The redesign features improvements for older people seeking health care information, officials say

By Tony Lee Orr

GCN Staff


The Health Care Financing Administration took its Web users into consideration when it decided to revamp www.Medicare.gov site to improve ease of use and access to health care information.

The agency recently unveiled the redesigned site at the annual American Association of Retired Persons convention in Orlando, Fla.

'We started with a scientific review of the site,' said Joe Lomareozzi, a spokesman for American Management Systems Inc. of Fairfax, Va., which did the redesign. 'We looked for an effective way to present the story.'

Set to serve

The site is served up via Microsoft Internet Information Server 4.0 and SQL Server 6.5 database management system running under Windows NT Server 4.0 on two dual-processor 200-MHz Pentium Pro servers with 256M of RAM per processor, said Andrew Ho, the company's redesign project manager.
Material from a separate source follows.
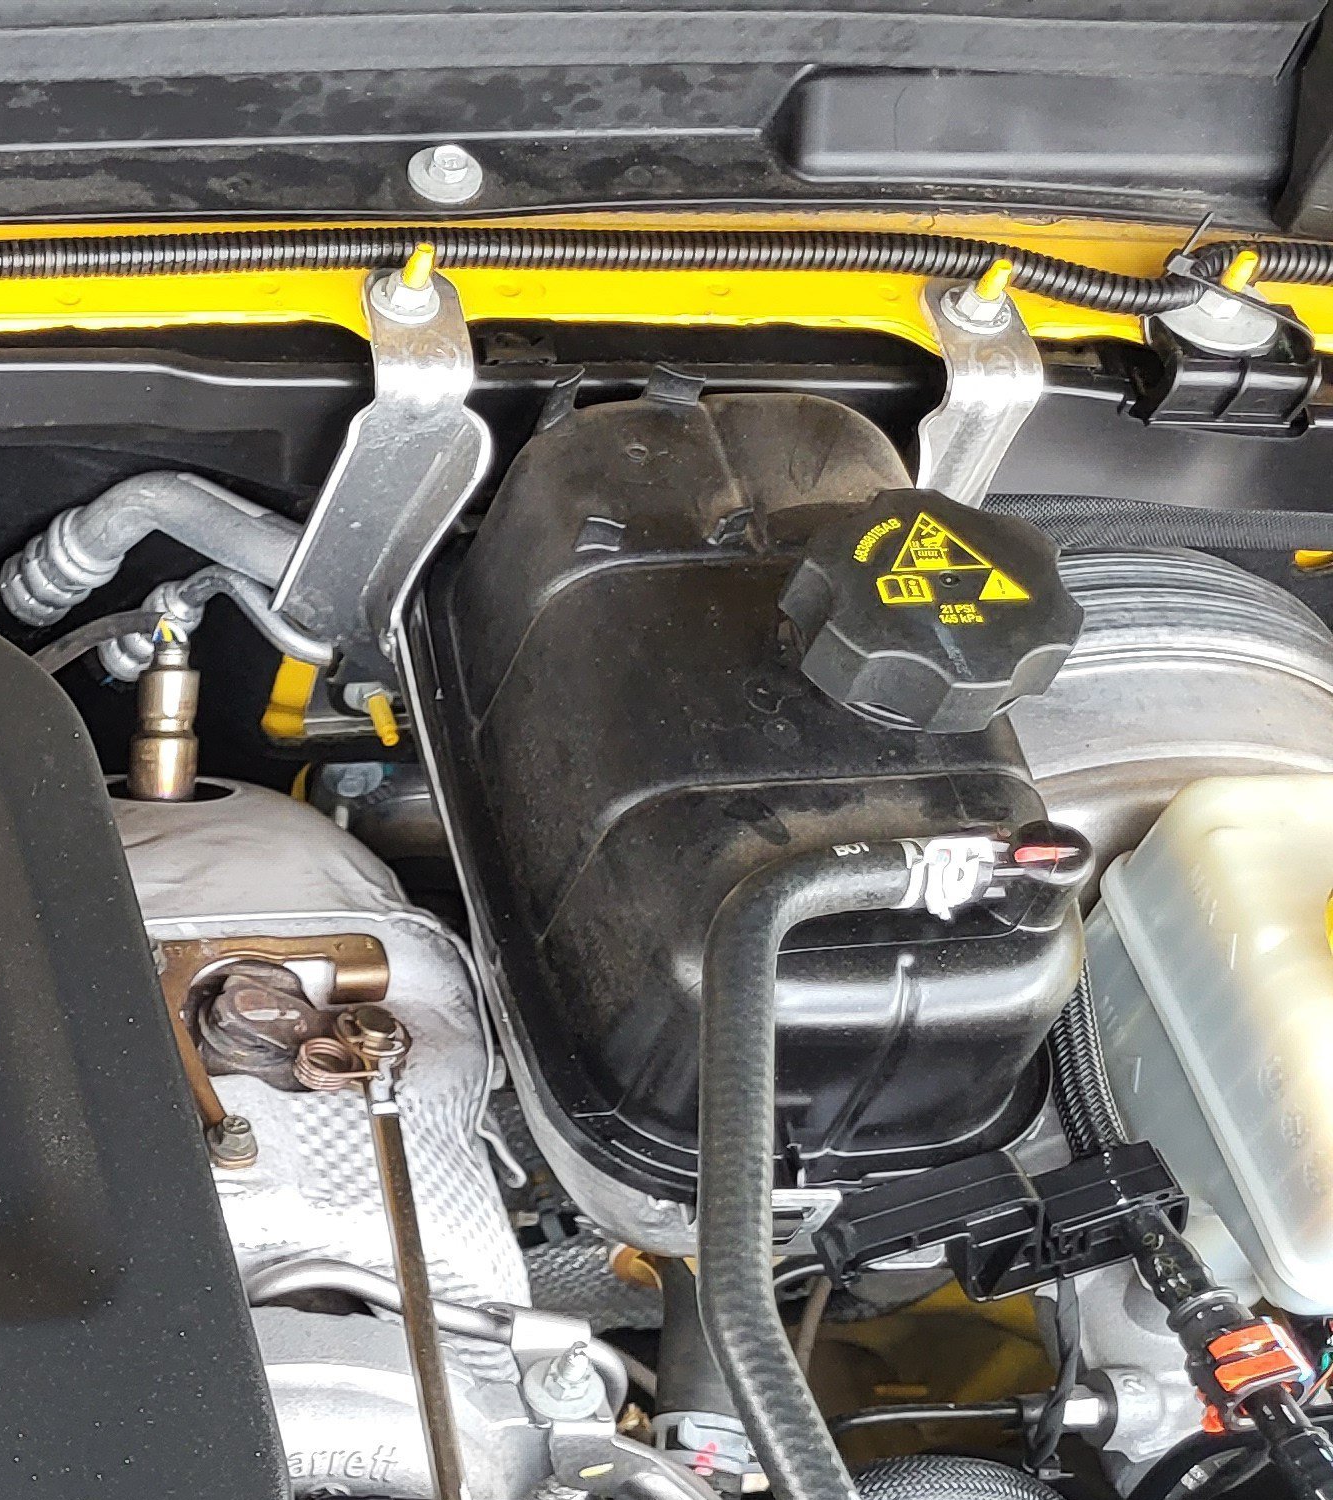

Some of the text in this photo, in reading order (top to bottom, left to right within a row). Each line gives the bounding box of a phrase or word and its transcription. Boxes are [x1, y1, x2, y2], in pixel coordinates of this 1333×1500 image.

[939, 603, 976, 614] 21 PSI
[938, 613, 984, 624] 145 kPa
[286, 1444, 399, 1483] arrett
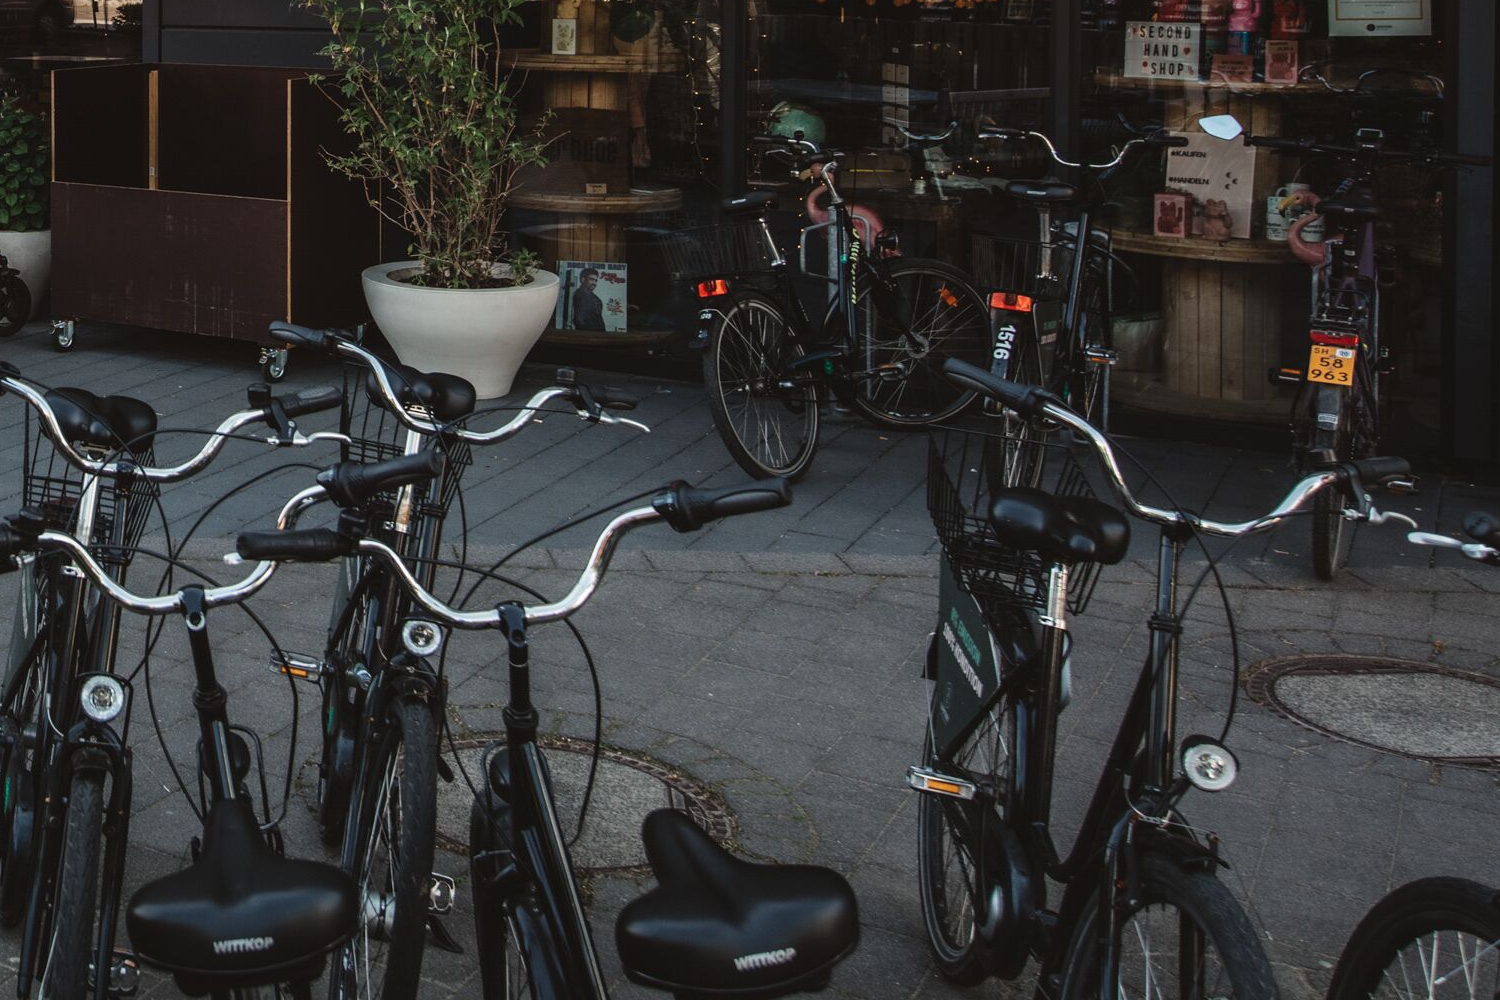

The site averages 7 million hits and 1.3 million page views per month, HCFA officials said.

'The latest improvements include easier-to-access health-related information,' said Nancy-Ann Min DeParle, HCFA administrator.


The revamped site at www.medicare.gov provides easier access and more information, HCFA officials said.


A team of experts studied the site, looking at things from a user's viewpoint, Lomareozzi said.

'During the review, we had psychologists, linguists, software architects and biomedical engineers look at the site and evaluate it against a set of principles,' he said. 'We looked at everything from the colors to the fonts and picked the ones that were used because of scientific reasons.'

Because Medicare.gov has official information on Medicare and related issues, many of the site's users are older. Designers had to consider the differences in the way various age groups seek information, Ho and Lomareozzi said.

Younger users are more accustomed to using macros and plug-ins, Ho said, and they have grown up using a mouse, so pointing and clicking on a small area of type is no problem.

Not so with some older people, he said.

''The older population isn't as dexterous,' Ho said. 'So, we made the links larger and the text larger.'

Information on the page is displayed in a number of ways to accommodate as many users as possible, Lomareozzi said. The site is designed so that anyone, including those with low-level browsers, can load the page quickly, he said.

That factor is especially helpful for users who connect to the Internet via phone lines, DeParle said.

The site also touts an upgraded screen reader to let those with vision impairments access the information, she said.